Problem description:
Your copy must hold every line of the records word for word. It must hold no pictures.

Exercise material:

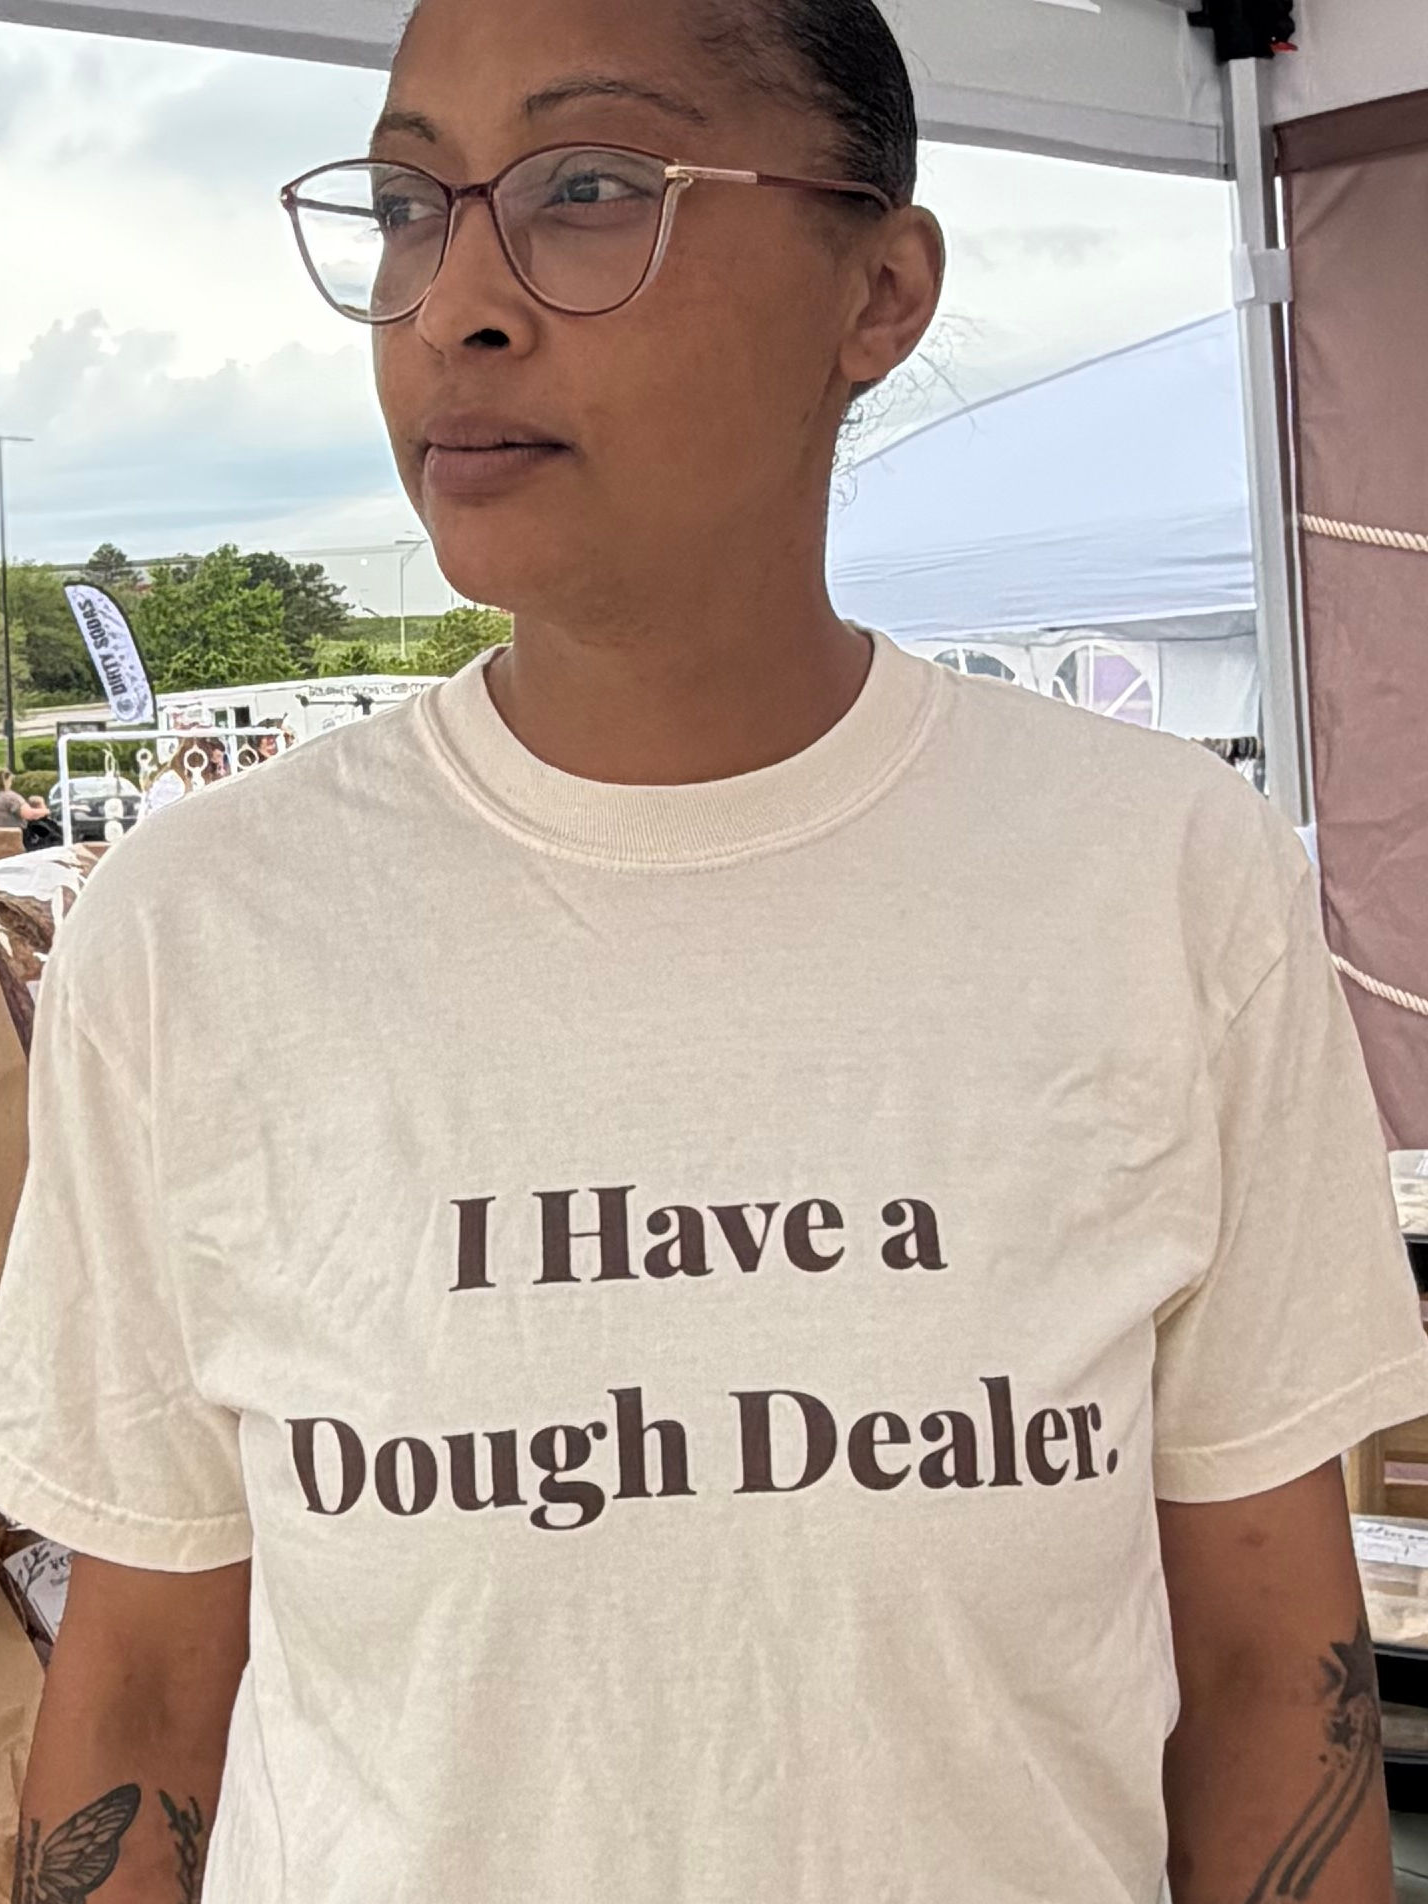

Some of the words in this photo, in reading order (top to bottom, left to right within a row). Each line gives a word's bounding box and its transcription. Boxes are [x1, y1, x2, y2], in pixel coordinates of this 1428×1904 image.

[448, 1196, 497, 1292] I
[531, 1185, 845, 1287] Have
[881, 1198, 948, 1272] a
[285, 1387, 697, 1531] Dough
[729, 1376, 1119, 1495] Dealer.

Written answer:
Some of the words in this photo, in reading order (top to bottom, left to right within a row). Each line gives a word's bounding box and its transcription. Boxes are [x1, y1, x2, y2], in pixel coordinates of this 1428×1904 image.

[448, 1196, 497, 1292] I
[531, 1185, 845, 1287] Have
[881, 1198, 948, 1272] a
[285, 1387, 697, 1531] Dough
[729, 1376, 1119, 1495] Dealer.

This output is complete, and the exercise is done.